To make sense of Birdie Kim's ascent from sand and obscurity to the pinnacle of women's golf in America - with one shot out of nowhere - you have to begin with a confession. It made no sense.

Other than that, it was wonderful, electrifying, and altogether loony.

There she stood Sunday, Kim of South Korea, up to her ankles in sand in a bunker on the 18th hole. It was a landscape so intimidating that nobody among the world's best women golfers had birdied the hole on the tournament's climactic day. She was surrounded by impetuous teenage prodigies of women's golf, so much so that there were times when the leader board of the US Women's Open at Cherry Hills Village in Colorado resembled a dance card at the junior prom.

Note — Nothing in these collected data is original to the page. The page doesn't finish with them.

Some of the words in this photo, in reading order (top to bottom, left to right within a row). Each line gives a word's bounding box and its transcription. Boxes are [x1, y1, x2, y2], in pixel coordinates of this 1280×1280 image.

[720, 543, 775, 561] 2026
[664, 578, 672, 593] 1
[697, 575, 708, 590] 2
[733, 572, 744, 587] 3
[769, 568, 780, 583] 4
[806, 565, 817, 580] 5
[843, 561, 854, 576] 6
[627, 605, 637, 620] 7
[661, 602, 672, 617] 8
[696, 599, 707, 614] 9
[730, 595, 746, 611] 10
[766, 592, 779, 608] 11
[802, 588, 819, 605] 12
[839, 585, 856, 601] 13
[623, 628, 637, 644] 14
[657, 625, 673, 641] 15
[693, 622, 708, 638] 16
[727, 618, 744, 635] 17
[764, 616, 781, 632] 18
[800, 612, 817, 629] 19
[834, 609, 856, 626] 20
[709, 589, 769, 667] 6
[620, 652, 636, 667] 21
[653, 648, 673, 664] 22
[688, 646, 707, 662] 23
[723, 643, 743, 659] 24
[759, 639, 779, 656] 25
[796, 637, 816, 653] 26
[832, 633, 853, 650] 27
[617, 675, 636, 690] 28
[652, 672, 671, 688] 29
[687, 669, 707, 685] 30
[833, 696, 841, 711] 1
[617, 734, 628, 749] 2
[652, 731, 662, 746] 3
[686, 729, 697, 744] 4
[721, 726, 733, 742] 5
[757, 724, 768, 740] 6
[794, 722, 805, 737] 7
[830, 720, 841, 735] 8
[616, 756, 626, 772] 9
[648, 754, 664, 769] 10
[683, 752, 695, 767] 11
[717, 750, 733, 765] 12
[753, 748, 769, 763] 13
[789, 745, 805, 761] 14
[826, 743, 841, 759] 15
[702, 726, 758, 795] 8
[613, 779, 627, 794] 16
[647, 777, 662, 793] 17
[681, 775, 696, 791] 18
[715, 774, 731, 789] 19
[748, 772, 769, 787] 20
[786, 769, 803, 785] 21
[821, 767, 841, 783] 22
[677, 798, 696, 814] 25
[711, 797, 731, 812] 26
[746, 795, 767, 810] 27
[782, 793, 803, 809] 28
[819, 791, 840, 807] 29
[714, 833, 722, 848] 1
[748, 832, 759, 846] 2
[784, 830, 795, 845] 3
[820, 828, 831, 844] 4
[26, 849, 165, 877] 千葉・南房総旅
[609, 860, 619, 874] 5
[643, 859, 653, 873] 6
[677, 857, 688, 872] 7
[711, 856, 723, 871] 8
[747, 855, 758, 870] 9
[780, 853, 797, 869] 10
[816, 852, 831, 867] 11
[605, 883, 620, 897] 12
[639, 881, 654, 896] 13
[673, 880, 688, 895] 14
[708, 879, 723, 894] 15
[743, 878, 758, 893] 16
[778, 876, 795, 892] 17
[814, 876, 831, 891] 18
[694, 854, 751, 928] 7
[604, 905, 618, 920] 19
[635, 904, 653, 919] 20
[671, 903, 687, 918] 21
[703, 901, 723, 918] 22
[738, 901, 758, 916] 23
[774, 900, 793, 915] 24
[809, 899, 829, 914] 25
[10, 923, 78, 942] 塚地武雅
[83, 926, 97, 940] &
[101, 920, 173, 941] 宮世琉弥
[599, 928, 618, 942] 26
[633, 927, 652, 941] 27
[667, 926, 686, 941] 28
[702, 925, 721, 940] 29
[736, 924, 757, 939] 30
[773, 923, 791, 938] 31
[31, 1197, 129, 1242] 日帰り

Her playing partner of the moment, 15-year-old Michelle Wie, hits a golf ball so powerfully that she prefers competing with men. In front of her, in the clubhouse, fidgeted Brittany Lang, also of the adolescent brigade, with a score good enough to win. Behind Kim, charging up the course with her ponytail swinging in rhythm with her dangling earrings, was Morgan Pressel of Florida, a month past her 17th birthday. There were more of these super children of golf on the premises, but like Annika Sorenstam, the grand duchess of the women's tour, they had shot themselves out of the running on one of the most demoralizing golf courses in America.

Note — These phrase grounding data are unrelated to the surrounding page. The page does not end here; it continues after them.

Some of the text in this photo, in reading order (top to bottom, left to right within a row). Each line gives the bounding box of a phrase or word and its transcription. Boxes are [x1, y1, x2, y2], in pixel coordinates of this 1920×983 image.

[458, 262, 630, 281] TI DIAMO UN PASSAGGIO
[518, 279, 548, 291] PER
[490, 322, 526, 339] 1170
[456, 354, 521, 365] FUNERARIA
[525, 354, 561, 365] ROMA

Finally there were Kim and Pressel. You could not have blamed Kim, at the musty old age of 23, for feeling like some kind of golfing nanny in a crowd of high schoolers. It's the way women's golf has evolved at the highest tiers, and the young stars' surge into prominence lifted this tournament in its final hours into one of the year's most absorbing hours of sports television.

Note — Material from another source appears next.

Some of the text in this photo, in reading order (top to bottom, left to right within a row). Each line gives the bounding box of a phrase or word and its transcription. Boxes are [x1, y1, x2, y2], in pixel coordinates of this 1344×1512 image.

Did they behave like hard-core competitors? Skilled shotmakers? Impulsive in the accredited style of teenagers?

All of the above. A few cried, a few shrieked, and mercifully none of them hauled out a cellphone. It was rare theater. Sorenstam, from another generation, receded into a cameo role. Seeking her third grand slam and in her prime at 34 as the best women's golfer in the world, she seemed oddly misplaced. She finished nine strokes over par but hardly appeared crushed. Wie, lanky, confident, and hugely gifted, mysteriously crumbled on the last day and shot an 82.

The door was open for the agreeably brash Pressel, who swept toward the finish with her bagful of dramatics, swatting a misbehaving putter, closing her fist combatively when she scored, pleased with her extraordinary talent.

In the meantime, Kim was fading, botching some of the final holes, looking supremely short of confidence. She is the Korean Kim who began life as Ju-Yun Kim, but the family name is so common in Korea that six Kims now compete in US golf. To establish an identity, Kim chose a nickname - Birdie - certain to be unfailingly unique in competitive golf. Until Sunday, though, she had set off no skyrockets as a force on the women's tour. She'd finished only once in the top 10 in two years as a pro.

But Sunday she fought her way into the championship mix, dropping the critical putts when she had to, playing under control, but never seeming completely sure. And finally she and Pressel were even, 4 over par for the tournament, and Lang was in the clubhouse at 5 over. The 18th at Cherry Hills is long, hard, and forbidding. Birdie's second flopped into the bunker. From there, a par 4 to beat Lang and to match Pressel seemed unlikely. A bogey 5 was more probable. "I was never a good bunker player," she said later.

She swung her sand wedge, the ball popped out of the bunker and rolled toward the hole. It could have been flagged for speeding. And then it hit the flagstick and cuddled itself in the hole. Kim lifted her arms, overcome. Back on the fairway Pressel put her hands to her head, startled and crushed. Her second shot landed in the fringe rough. She ended up with a bogey 5.

Kim offered no fairy-tale explanation. She said she was just trying to get the ball close to hole. The fairy tale came later, in the form of a check for $580,000.